Substitution for indef. integral

[silicon_hobo]

Homework Statement

Hey folks, I think I know how to solve this by parts but I need a substitution to get there. I've been staring at examples for a while but I still don't understand how to apply the substitution rule. Anyway, here's the integral:

$$\int x^9cos(x^5)$$

Homework Equations

integration by parts: $$\int f(x)g\prime (x)dx=f(x)g(x)-\int g(x)f\prime (x)dx$$
substitution rule: $$\int f(g(x))g\prime (x)dx=\int f(u)du$$

The Attempt at a Solution

By applying integration by parts:
$$f(x)=x^9$$
$$f\prime (x)=9x^{8}$$
$$g\prime (x)=cos(x^5)$$

Now I need to apply the substitution rule to find $$g(x)$$ by integrating $$cos(x^5)$$:
$$u=x^5$$
$$du=5x^4dx$$
Then maybe $$sin(u)du$$? I'm not sure how to proceed. Thanks!
I've got another post that's still unanswered just in case you've got some more time to kill

 

[tiny-tim]

Nooo … if you're going to use substitution, do the substitution first!

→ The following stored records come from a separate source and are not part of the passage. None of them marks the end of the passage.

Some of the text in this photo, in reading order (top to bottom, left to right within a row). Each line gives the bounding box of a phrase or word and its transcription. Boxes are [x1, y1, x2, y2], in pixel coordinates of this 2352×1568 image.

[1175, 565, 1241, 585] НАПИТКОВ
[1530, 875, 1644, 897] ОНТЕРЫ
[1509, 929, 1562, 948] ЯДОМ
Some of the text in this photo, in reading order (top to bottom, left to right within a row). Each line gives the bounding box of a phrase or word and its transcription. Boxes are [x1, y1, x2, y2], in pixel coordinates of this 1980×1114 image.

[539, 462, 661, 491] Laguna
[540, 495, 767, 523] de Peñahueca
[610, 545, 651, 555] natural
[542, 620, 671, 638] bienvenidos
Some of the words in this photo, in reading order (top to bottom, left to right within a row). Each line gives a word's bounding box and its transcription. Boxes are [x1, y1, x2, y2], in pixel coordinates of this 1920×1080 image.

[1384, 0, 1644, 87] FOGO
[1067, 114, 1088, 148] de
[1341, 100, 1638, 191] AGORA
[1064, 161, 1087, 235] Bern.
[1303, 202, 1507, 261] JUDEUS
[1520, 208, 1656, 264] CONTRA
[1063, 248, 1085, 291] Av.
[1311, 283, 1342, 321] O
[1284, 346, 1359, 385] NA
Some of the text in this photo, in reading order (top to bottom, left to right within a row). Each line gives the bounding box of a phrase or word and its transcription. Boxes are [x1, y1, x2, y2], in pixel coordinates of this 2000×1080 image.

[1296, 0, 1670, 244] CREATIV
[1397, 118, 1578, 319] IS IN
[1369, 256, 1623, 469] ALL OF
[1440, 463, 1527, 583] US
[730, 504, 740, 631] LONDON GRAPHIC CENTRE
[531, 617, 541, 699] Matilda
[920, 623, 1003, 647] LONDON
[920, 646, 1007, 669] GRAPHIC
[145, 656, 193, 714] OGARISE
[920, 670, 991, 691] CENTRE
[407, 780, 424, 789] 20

(If you do the integrating by parts first, then split it differently - the object is to make it easier!)

As you said, u=x^5 is a good idea … but it's du=5x^4dx.

Then integrate by parts!

What do you get?

 

[mkbh_10]

It;s simple , just break x^9 into x^5*x^4 , then take X^5 = t 5x^4dx=dt , therefore integral becomes 5 t cos(t) dt , solve using by parts

 

[CompuChip]

Hint: $$x^4 \cos(x^5) = \frac{1}{5} \frac{\mathrm d}{\mathrm dx} \sin(x^5)$$.

 

[silicon_hobo]

Okaaay, here goes:

$$x^9sin(u)5x^4dx-\int sin(u)5x^4dx9x^8dx$$

 

[rocomath]

No, you misunderstood the suggestions.

$$\int x^9\cos{x^5}dx=\int x^4x^5\cos{x^5}dx$$

$$u=x^5$$
$$du=5x^4dx$$

$$\frac 1 5\int u\cos udu$$

 

[rocomath]

You're doing a substitution first! Then you will apply Parts.

u=x^5, so replace all x^5 with u
du=5x^4dx, so x^4dx appears in your original Integral, so that goes away.

 

[silicon_hobo]

ahhha, ok. I'll be back!

 

[rocomath]

ahhha, ok. I'll be back!

Got it? You need to review if you're not getting it. This should be beyond you! First step is Calc 1!

 

[silicon_hobo]

Yeah, I did cal 1 years ago so I'm sort of reviewing points from it as I slam up against them. I have been looking at substitution examples for a while but I need to grind through a few problems to shake the rust off. I think this one is coming along now though. I'll be back with an answer.

 

[silicon_hobo]

$$\frac{1}{5}[u(sin(u))-(cos(u)+C)]$$ getting warmer?

 

[rocomath]

Almost! Don't forget that ...

$$\int sin xdx=-\cos x+C$$

$$\frac 1 5 (x^5\sin x^5+\cos x^5)+C$$

 

[silicon_hobo]

Does it matter whether the C is inside or outside the brackets?

 

[Gib Z]

No it doesn't. One fifth of an arbitrary real constant is still an arbitrary real constant isn't it.